Fransen flattern im Flugwind
Frischbelüftetes Farbengewebe
Tag & Nacht verfliegen in raschem Wechsel
während ich sitzend auf die Erde herabschaue
oder liegend ins Himmelmeer tauche
Ein Stück kühle Wolke reiße ich mir aus dem Bausch
& betupfe meine Stirn damit – es riecht nach
einem Traum vom Regen
Die Sonne ist laut, und der Mond flüstert, und
manchmal ist da eine Stewardess in knapper Uniform,
die auf allen Sechsen übern Teppich krabbelt, stock
nüchtern bin ich – während der Fotzensaft der Fantasie ins Gewebe tropft……
Auch jetzt ist sie da; es ist Tag, und sie erklärt mir die Notausgänge:
Teppichsaum links  Teppichsaum rechts  Teppichsaum vorne  Teppichsaum hinten!

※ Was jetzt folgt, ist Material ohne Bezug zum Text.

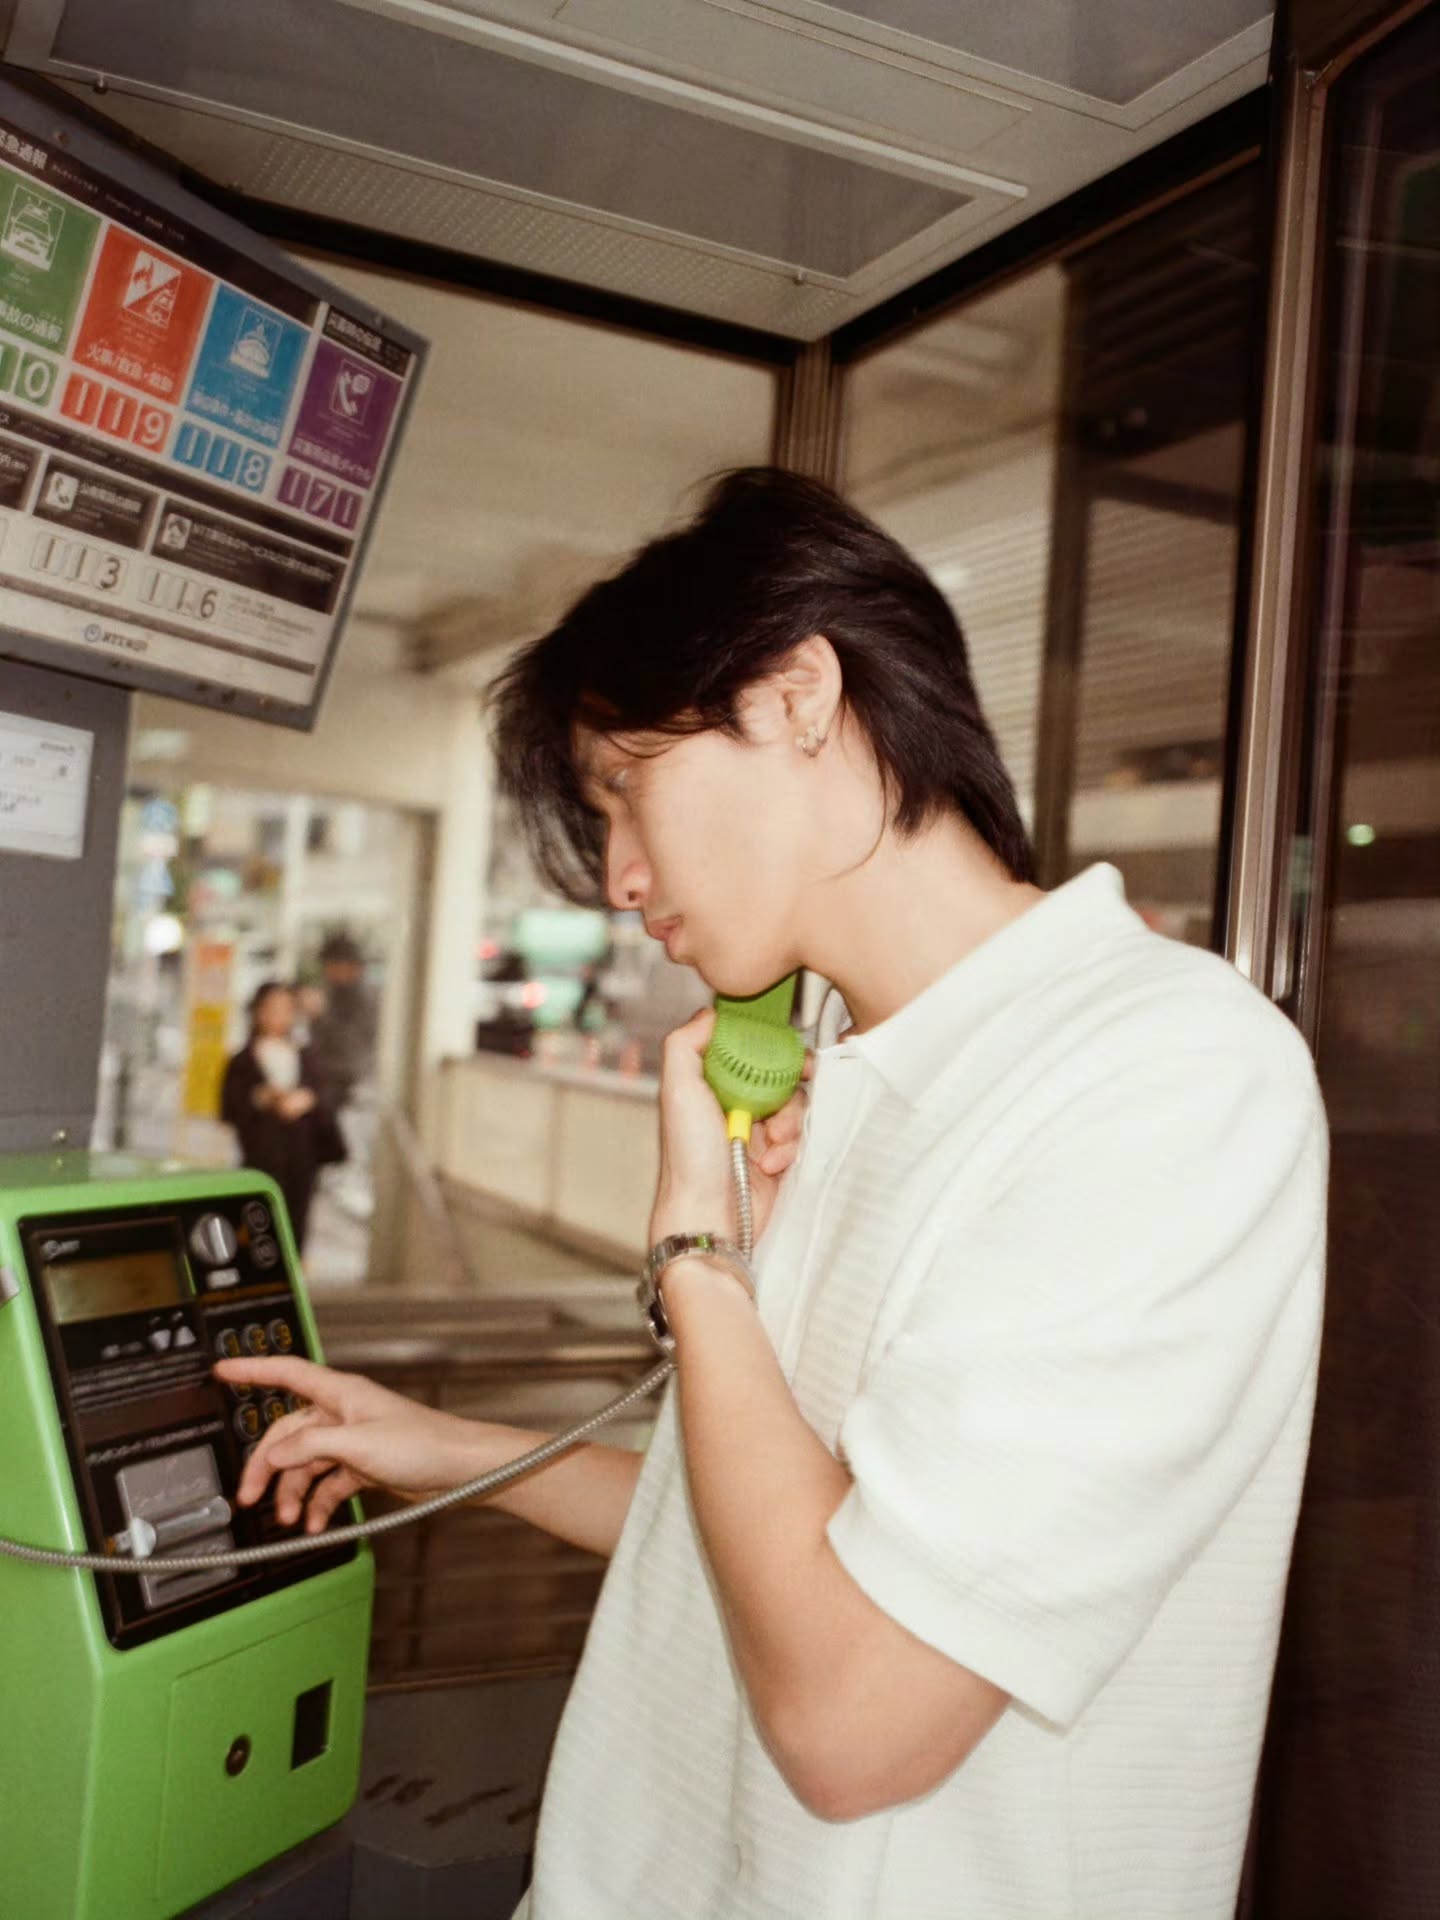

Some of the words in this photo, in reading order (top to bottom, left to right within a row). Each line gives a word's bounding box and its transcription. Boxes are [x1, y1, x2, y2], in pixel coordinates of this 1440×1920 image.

Und sie deutet auf eine eingewobene Inschrift:
Bitte nicht klopfen während des Fluges!
Ich fühle mich wie der Dieb von Bagdad, und was ich
gestohlen habe, ist die Zeit – die mit mir fliegt
Versäumte Saumseligkeiten…. Unter mir:
die Vergangenheit in Kindergröße, ich über
fliege sie wie das Buch eines Toten – über
das man nicht hinwegkommt…..
»Tomatensaft?« – »Wer denkt denn jetzt an Tomatensaft?
Ich zeig dir, wo der Tomatensaft herkommt, du Sau!«
Wir lachen. Das ist es
was übrig
bleibt:
das Lachen.
»Schau, da oben schwimmt die Zukunft.«
Wer
hier Was sagt, ist völlig egal.
Einem Fliegenden Teppich kämmt man nicht die Fransen.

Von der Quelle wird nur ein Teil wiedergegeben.